Source data:
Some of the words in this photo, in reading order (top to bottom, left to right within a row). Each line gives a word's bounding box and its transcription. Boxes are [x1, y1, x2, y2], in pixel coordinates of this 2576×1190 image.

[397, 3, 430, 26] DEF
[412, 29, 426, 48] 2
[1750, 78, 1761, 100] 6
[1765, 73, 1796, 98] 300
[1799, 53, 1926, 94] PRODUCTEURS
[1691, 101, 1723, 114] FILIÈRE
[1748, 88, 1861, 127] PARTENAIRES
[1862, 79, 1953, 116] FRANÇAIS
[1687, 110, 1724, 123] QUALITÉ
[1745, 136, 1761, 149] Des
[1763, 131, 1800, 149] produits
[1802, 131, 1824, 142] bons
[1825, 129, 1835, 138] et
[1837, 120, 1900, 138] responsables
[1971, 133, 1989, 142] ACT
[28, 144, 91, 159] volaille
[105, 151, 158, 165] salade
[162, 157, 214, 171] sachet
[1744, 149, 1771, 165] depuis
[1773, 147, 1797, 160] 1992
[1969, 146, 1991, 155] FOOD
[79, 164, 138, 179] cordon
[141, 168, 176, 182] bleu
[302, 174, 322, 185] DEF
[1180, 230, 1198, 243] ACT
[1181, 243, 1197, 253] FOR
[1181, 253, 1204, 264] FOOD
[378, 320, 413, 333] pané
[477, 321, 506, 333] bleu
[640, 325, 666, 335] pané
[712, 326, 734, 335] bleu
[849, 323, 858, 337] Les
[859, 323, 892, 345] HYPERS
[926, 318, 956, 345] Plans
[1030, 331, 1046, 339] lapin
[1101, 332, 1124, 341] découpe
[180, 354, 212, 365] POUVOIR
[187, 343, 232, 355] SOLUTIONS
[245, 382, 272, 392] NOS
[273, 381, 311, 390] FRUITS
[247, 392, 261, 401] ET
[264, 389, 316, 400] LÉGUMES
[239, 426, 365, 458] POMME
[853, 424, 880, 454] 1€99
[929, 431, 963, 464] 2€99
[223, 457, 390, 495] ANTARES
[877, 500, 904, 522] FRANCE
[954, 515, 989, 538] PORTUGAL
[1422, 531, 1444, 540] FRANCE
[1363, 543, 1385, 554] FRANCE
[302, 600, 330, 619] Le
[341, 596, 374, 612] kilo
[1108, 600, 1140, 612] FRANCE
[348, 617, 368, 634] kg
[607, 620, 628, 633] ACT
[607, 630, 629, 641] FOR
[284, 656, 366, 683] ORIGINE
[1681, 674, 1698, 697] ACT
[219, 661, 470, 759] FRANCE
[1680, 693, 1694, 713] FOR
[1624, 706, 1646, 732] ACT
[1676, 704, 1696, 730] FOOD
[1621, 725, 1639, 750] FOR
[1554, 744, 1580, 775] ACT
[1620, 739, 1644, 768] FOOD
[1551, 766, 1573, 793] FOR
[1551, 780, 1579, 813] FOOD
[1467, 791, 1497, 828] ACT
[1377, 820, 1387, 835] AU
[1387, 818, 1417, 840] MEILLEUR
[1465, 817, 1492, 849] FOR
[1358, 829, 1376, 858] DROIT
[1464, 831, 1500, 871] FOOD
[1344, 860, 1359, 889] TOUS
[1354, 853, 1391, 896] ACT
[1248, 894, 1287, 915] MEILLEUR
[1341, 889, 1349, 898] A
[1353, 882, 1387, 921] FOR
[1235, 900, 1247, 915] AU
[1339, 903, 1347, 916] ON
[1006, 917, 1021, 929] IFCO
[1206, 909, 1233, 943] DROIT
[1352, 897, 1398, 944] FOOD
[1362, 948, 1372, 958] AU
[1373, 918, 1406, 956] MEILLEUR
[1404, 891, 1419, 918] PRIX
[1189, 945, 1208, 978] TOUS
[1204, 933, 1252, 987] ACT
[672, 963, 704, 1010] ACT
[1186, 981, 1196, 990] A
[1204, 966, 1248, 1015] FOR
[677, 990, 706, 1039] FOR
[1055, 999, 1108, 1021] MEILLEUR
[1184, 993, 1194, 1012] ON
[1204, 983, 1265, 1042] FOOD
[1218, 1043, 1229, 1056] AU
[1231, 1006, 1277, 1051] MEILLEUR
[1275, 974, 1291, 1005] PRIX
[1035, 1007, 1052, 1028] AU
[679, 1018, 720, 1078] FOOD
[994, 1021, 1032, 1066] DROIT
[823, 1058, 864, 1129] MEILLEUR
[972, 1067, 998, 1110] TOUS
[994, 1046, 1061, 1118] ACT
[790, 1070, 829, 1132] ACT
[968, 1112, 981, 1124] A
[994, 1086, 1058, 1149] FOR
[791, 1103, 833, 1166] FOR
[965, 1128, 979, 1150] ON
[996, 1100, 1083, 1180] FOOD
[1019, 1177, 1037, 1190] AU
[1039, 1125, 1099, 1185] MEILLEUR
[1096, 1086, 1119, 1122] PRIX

Directions for this task: The response should consist of the entries above, retyped exactly.

Reply:
Some of the words in this photo, in reading order (top to bottom, left to right within a row). Each line gives a word's bounding box and its transcription. Boxes are [x1, y1, x2, y2], in pixel coordinates of this 2576×1190 image.

[397, 3, 430, 26] DEF
[412, 29, 426, 48] 2
[1750, 78, 1761, 100] 6
[1765, 73, 1796, 98] 300
[1799, 53, 1926, 94] PRODUCTEURS
[1691, 101, 1723, 114] FILIÈRE
[1748, 88, 1861, 127] PARTENAIRES
[1862, 79, 1953, 116] FRANÇAIS
[1687, 110, 1724, 123] QUALITÉ
[1745, 136, 1761, 149] Des
[1763, 131, 1800, 149] produits
[1802, 131, 1824, 142] bons
[1825, 129, 1835, 138] et
[1837, 120, 1900, 138] responsables
[1971, 133, 1989, 142] ACT
[28, 144, 91, 159] volaille
[105, 151, 158, 165] salade
[162, 157, 214, 171] sachet
[1744, 149, 1771, 165] depuis
[1773, 147, 1797, 160] 1992
[1969, 146, 1991, 155] FOOD
[79, 164, 138, 179] cordon
[141, 168, 176, 182] bleu
[302, 174, 322, 185] DEF
[1180, 230, 1198, 243] ACT
[1181, 243, 1197, 253] FOR
[1181, 253, 1204, 264] FOOD
[378, 320, 413, 333] pané
[477, 321, 506, 333] bleu
[640, 325, 666, 335] pané
[712, 326, 734, 335] bleu
[849, 323, 858, 337] Les
[859, 323, 892, 345] HYPERS
[926, 318, 956, 345] Plans
[1030, 331, 1046, 339] lapin
[1101, 332, 1124, 341] découpe
[180, 354, 212, 365] POUVOIR
[187, 343, 232, 355] SOLUTIONS
[245, 382, 272, 392] NOS
[273, 381, 311, 390] FRUITS
[247, 392, 261, 401] ET
[264, 389, 316, 400] LÉGUMES
[239, 426, 365, 458] POMME
[853, 424, 880, 454] 1€99
[929, 431, 963, 464] 2€99
[223, 457, 390, 495] ANTARES
[877, 500, 904, 522] FRANCE
[954, 515, 989, 538] PORTUGAL
[1422, 531, 1444, 540] FRANCE
[1363, 543, 1385, 554] FRANCE
[302, 600, 330, 619] Le
[341, 596, 374, 612] kilo
[1108, 600, 1140, 612] FRANCE
[348, 617, 368, 634] kg
[607, 620, 628, 633] ACT
[607, 630, 629, 641] FOR
[284, 656, 366, 683] ORIGINE
[1681, 674, 1698, 697] ACT
[219, 661, 470, 759] FRANCE
[1680, 693, 1694, 713] FOR
[1624, 706, 1646, 732] ACT
[1676, 704, 1696, 730] FOOD
[1621, 725, 1639, 750] FOR
[1554, 744, 1580, 775] ACT
[1620, 739, 1644, 768] FOOD
[1551, 766, 1573, 793] FOR
[1551, 780, 1579, 813] FOOD
[1467, 791, 1497, 828] ACT
[1377, 820, 1387, 835] AU
[1387, 818, 1417, 840] MEILLEUR
[1465, 817, 1492, 849] FOR
[1358, 829, 1376, 858] DROIT
[1464, 831, 1500, 871] FOOD
[1344, 860, 1359, 889] TOUS
[1354, 853, 1391, 896] ACT
[1248, 894, 1287, 915] MEILLEUR
[1341, 889, 1349, 898] A
[1353, 882, 1387, 921] FOR
[1235, 900, 1247, 915] AU
[1339, 903, 1347, 916] ON
[1006, 917, 1021, 929] IFCO
[1206, 909, 1233, 943] DROIT
[1352, 897, 1398, 944] FOOD
[1362, 948, 1372, 958] AU
[1373, 918, 1406, 956] MEILLEUR
[1404, 891, 1419, 918] PRIX
[1189, 945, 1208, 978] TOUS
[1204, 933, 1252, 987] ACT
[672, 963, 704, 1010] ACT
[1186, 981, 1196, 990] A
[1204, 966, 1248, 1015] FOR
[677, 990, 706, 1039] FOR
[1055, 999, 1108, 1021] MEILLEUR
[1184, 993, 1194, 1012] ON
[1204, 983, 1265, 1042] FOOD
[1218, 1043, 1229, 1056] AU
[1231, 1006, 1277, 1051] MEILLEUR
[1275, 974, 1291, 1005] PRIX
[1035, 1007, 1052, 1028] AU
[679, 1018, 720, 1078] FOOD
[994, 1021, 1032, 1066] DROIT
[823, 1058, 864, 1129] MEILLEUR
[972, 1067, 998, 1110] TOUS
[994, 1046, 1061, 1118] ACT
[790, 1070, 829, 1132] ACT
[968, 1112, 981, 1124] A
[994, 1086, 1058, 1149] FOR
[791, 1103, 833, 1166] FOR
[965, 1128, 979, 1150] ON
[996, 1100, 1083, 1180] FOOD
[1019, 1177, 1037, 1190] AU
[1039, 1125, 1099, 1185] MEILLEUR
[1096, 1086, 1119, 1122] PRIX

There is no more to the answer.